In 2013, some 2 million express packages were left stranded on Christmas Eve, according to shipment-tracking software developer ShipMatrix Inc. The reasons given were, in part, a surge in demand triggered by last-minute online promotions and bad weather.
This year, retailers pushed back the cut-off date for Christmas delivery by one day, but most were still able to hit the mark because of improvements to their logistics infrastructure, better weather and fewer last-minute deals.
"We saw a lot less of the 11th-hour promotions," said Steve Osburn, director of supply chain for Kurt Salmon. "They may have extended their deadline by about a day, but they were a little less aggressive about pushing those promotions."
Retailers set a Christmas cut-off delivery date between Dec. 19 and Dec. 20 this year, he said. The four retailers with the most aggressive cutoff date of Dec. 23 - Apple Inc, Dell Inc, Nordstrom Inc and Zappos, a unit of Amazon.com Inc - all made their deadlines, StellaService said.
The better results also stemmed from the heavy investments by United Parcel Service Inc and FedEx Corp, the world's two largest shipping companies.

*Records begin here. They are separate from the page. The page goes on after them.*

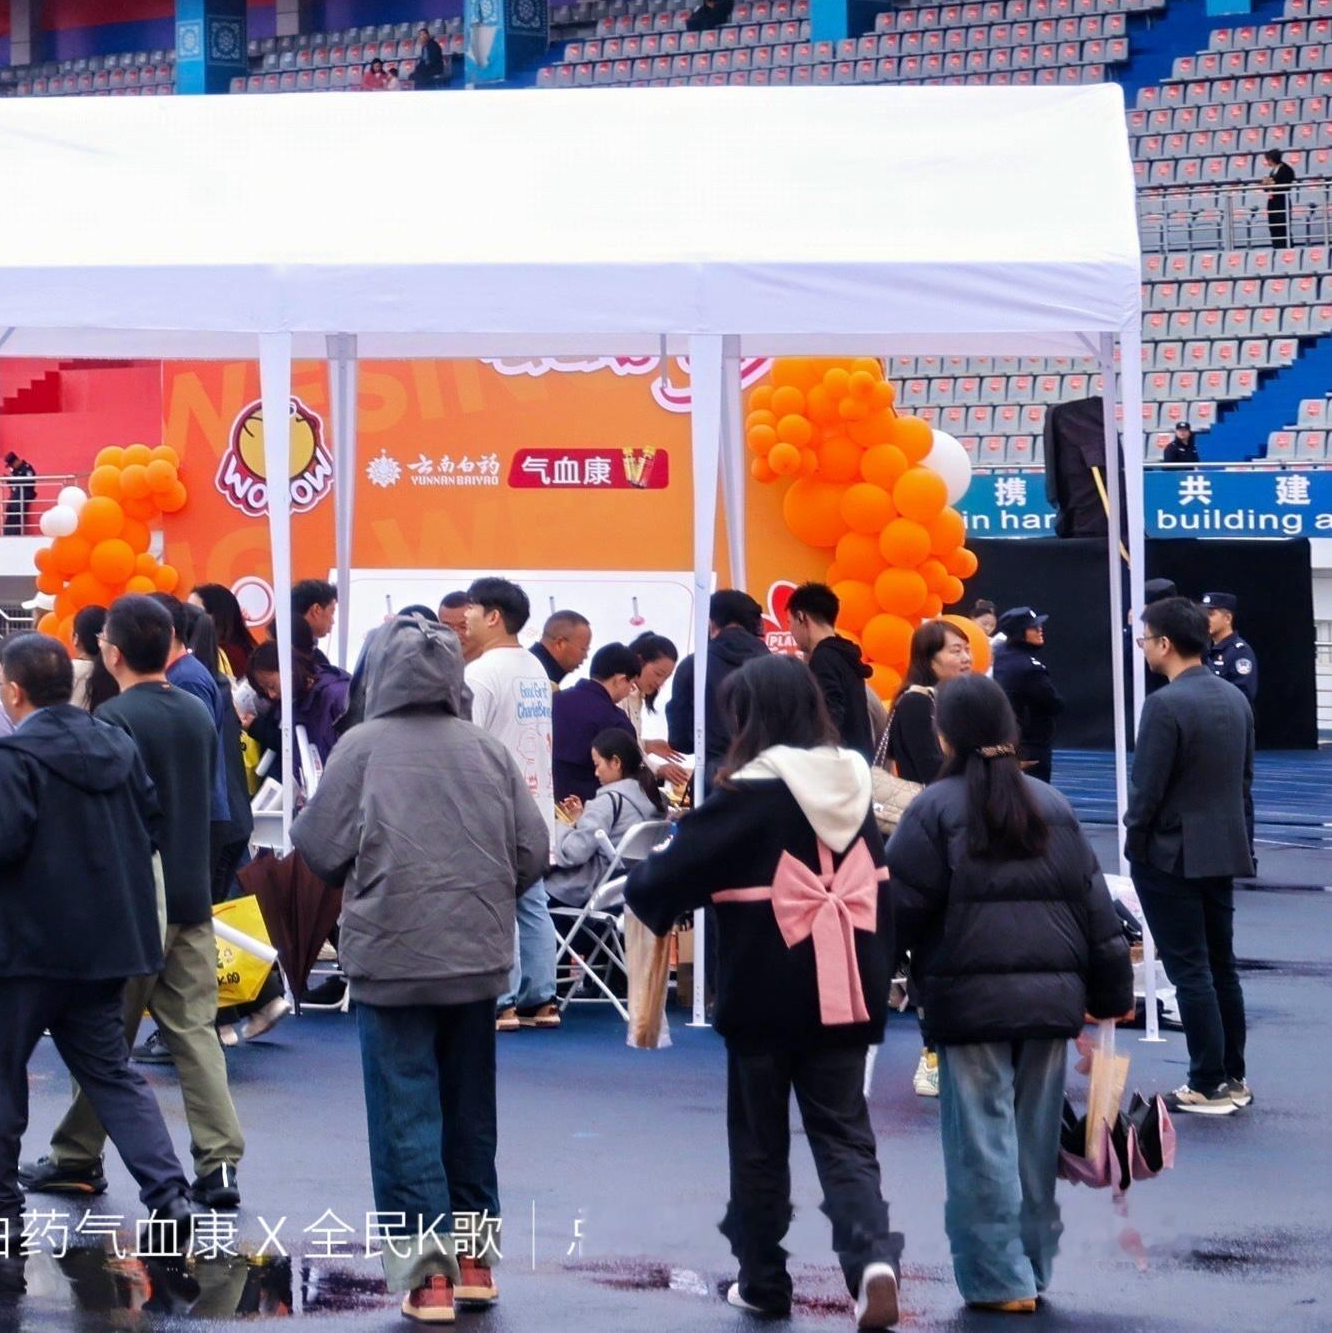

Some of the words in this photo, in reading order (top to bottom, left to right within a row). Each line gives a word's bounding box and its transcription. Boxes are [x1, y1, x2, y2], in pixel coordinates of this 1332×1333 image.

[223, 447, 333, 509] WOOW
[407, 453, 500, 475] 云南白药
[521, 456, 611, 485] 气血康
[1157, 510, 1303, 534] building
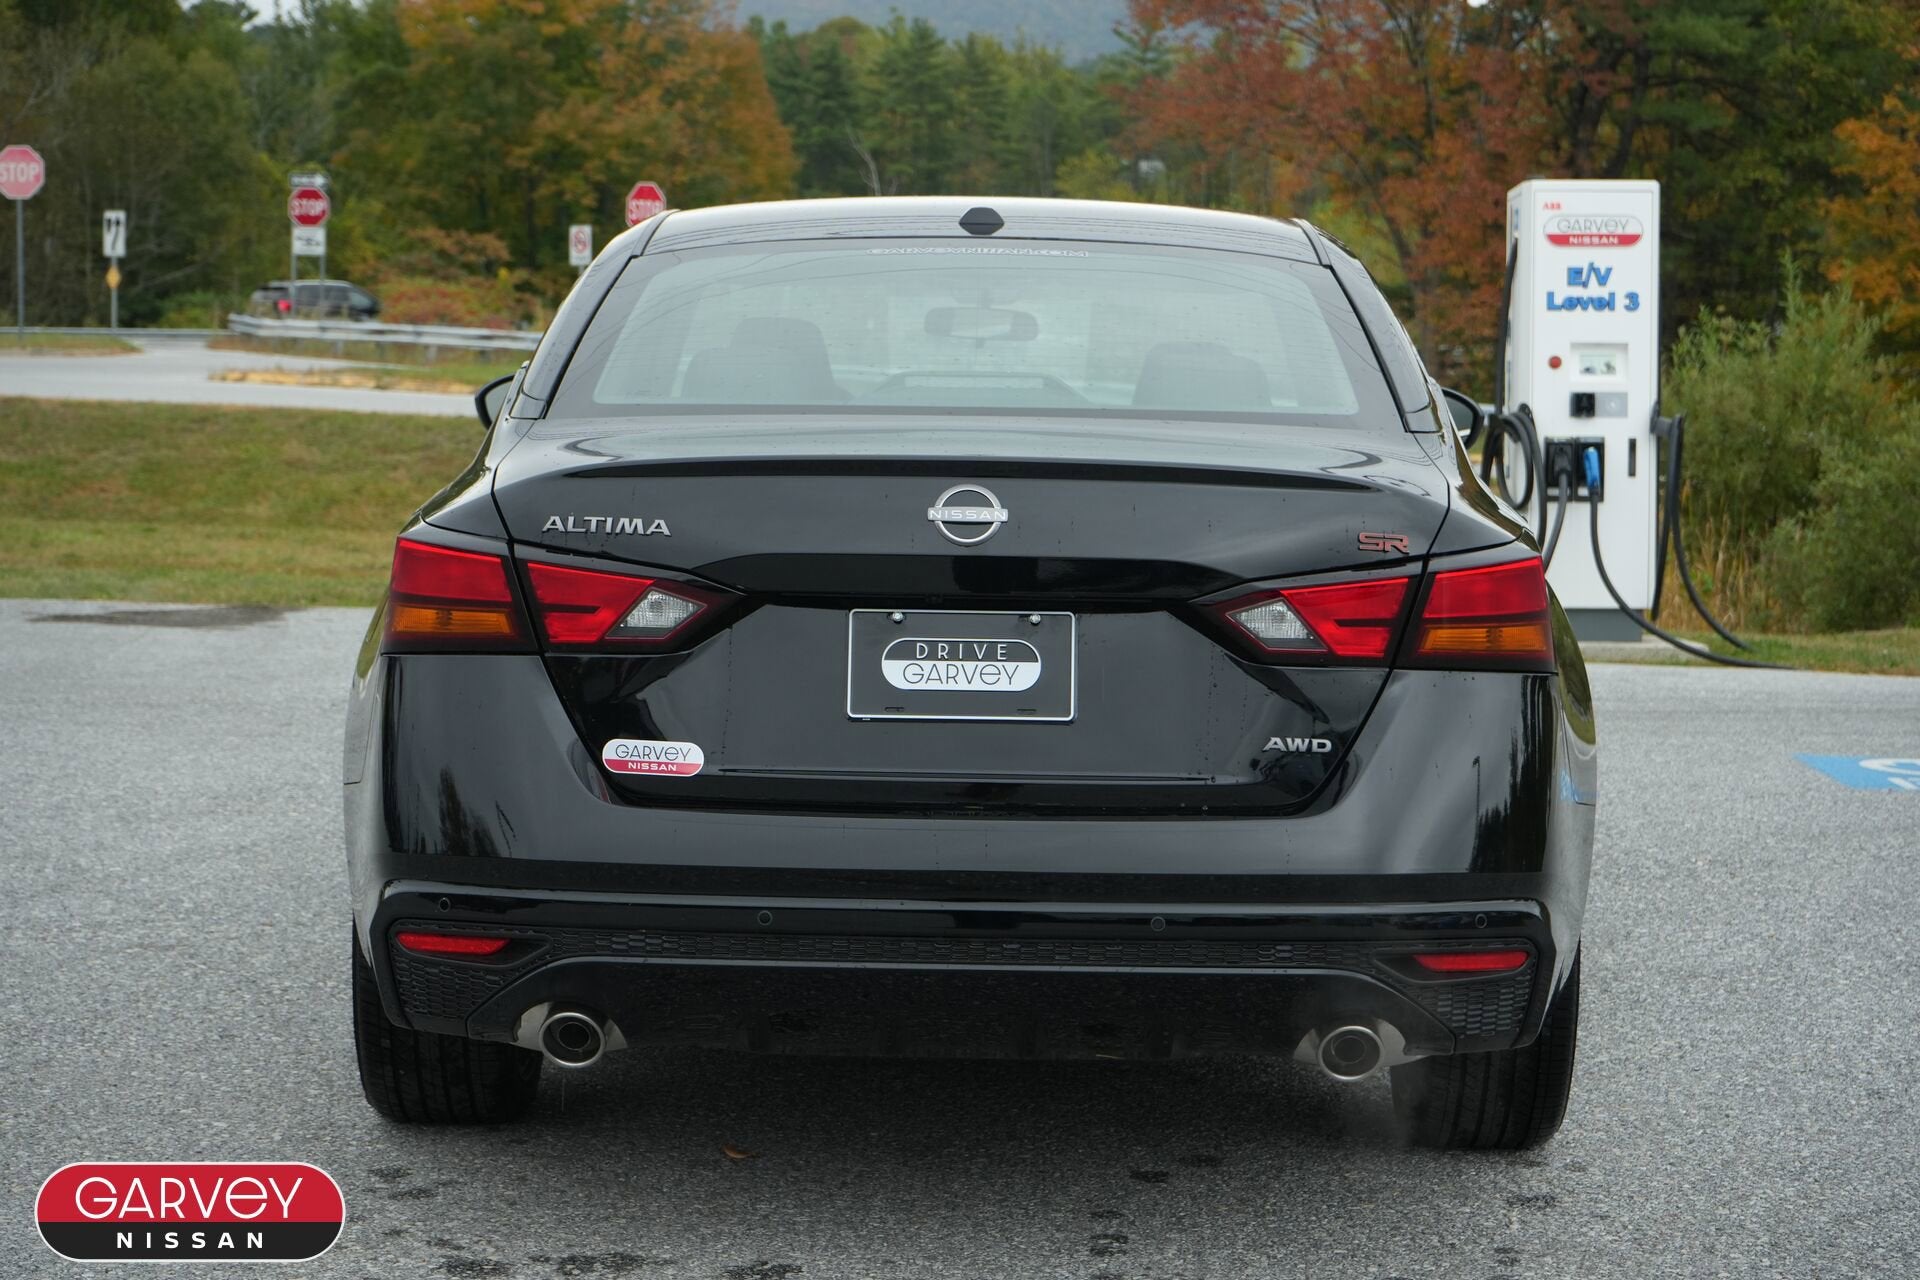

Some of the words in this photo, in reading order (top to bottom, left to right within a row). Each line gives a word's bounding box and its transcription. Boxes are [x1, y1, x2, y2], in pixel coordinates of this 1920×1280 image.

[0, 161, 39, 183] STOP
[291, 198, 326, 216] STOP
[1543, 202, 1561, 210] ABB
[1569, 235, 1619, 245] NISSAN
[1567, 262, 1613, 288] E/V
[1546, 291, 1616, 311] Level
[1624, 292, 1640, 311] 3
[929, 509, 1006, 520] NISSAN
[542, 515, 672, 537] ALTIMA
[1358, 531, 1410, 554] SR
[915, 642, 1008, 660] DRIVE
[1263, 736, 1333, 754] AWD
[628, 762, 678, 771] NISSAN
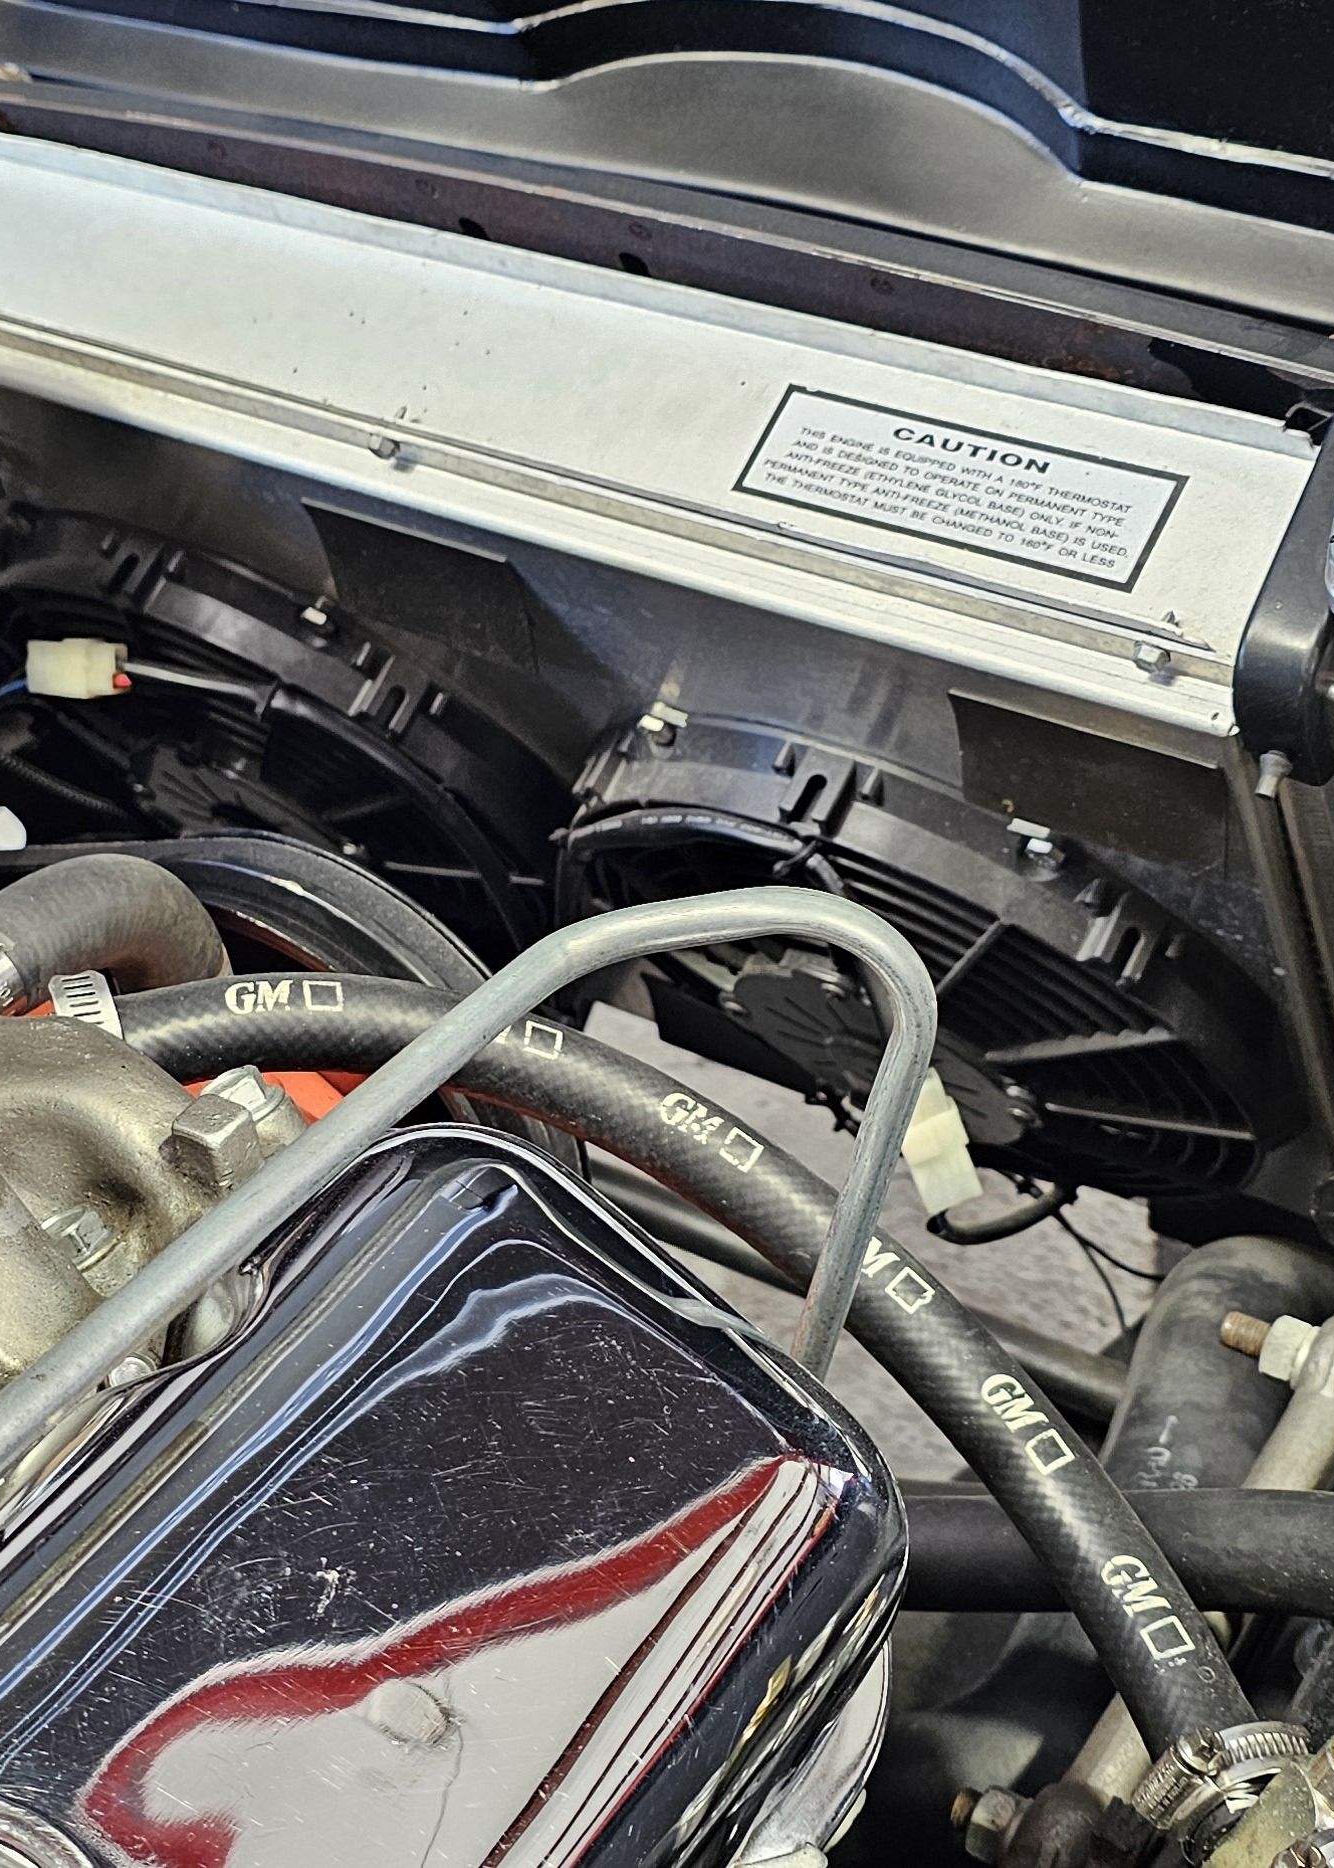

UPS allocated $500 million to expand and improve its 2014 holiday operations. Both built new facilities, added more temporary workers and pushed retailers for clearer estimates and earlier deadlines to avoid last year's missteps.
The level of communication between carriers and retailers was "significantly higher" this year, Osburn said, pointing to a retail client who, in the run-up to Christmas, heard from one carrier two to three times a day.
But both surveys found that some retailers still fell short of their promises, reflecting the difficulty of accurately calculating holiday demand as e-commerce orders grow rapidly.
StellaService found nine of the top 40 retailers it tested missed delivery dates: Best Buy Co Inc, Costco Wholesale Corp, Crate & Barrel, J.C. Penney Co Inc, Kohl's Corp, Macy's Inc, Staples Inc, Toys 'R Us and Wayfair Inc.
Best Buy declined to comment. The other retailers were not immediately available for comment.
Both Staples and Toys 'R Us missed deliveries in multiple regions in the United States, and in one case, Staples canceled an order without notifying the shopper, StellaService said.
Osburn found one case where a retailer fell behind on orders and attempted to upgrade shipping on packages to make the Christmas deadline. But the volume was three to four times higher than its previous estimates, and the retailer missed the Christmas deadline, Osburn said, declining to name the company.